Word for word, output the data that follows.

▸ **EXTRACTED INFORMATION**:
::::

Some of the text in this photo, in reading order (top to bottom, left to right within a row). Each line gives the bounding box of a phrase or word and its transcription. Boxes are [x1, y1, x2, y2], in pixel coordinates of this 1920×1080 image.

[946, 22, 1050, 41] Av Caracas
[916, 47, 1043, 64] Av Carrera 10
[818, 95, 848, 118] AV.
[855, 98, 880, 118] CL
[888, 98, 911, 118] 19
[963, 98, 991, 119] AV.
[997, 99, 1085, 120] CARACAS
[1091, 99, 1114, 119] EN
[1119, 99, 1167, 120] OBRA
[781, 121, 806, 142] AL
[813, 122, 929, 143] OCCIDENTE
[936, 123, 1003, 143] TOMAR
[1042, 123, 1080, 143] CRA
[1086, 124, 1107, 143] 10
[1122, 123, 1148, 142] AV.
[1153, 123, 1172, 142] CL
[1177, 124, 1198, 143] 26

::::

▸ **REPLY**:
Some of the text in this photo, in reading order (top to bottom, left to right within a row). Each line gives the bounding box of a phrase or word and its transcription. Boxes are [x1, y1, x2, y2], in pixel coordinates of this 1920×1080 image.

[946, 22, 1050, 41] Av Caracas
[916, 47, 1043, 64] Av Carrera 10
[818, 95, 848, 118] AV.
[855, 98, 880, 118] CL
[888, 98, 911, 118] 19
[963, 98, 991, 119] AV.
[997, 99, 1085, 120] CARACAS
[1091, 99, 1114, 119] EN
[1119, 99, 1167, 120] OBRA
[781, 121, 806, 142] AL
[813, 122, 929, 143] OCCIDENTE
[936, 123, 1003, 143] TOMAR
[1042, 123, 1080, 143] CRA
[1086, 124, 1107, 143] 10
[1122, 123, 1148, 142] AV.
[1153, 123, 1172, 142] CL
[1177, 124, 1198, 143] 26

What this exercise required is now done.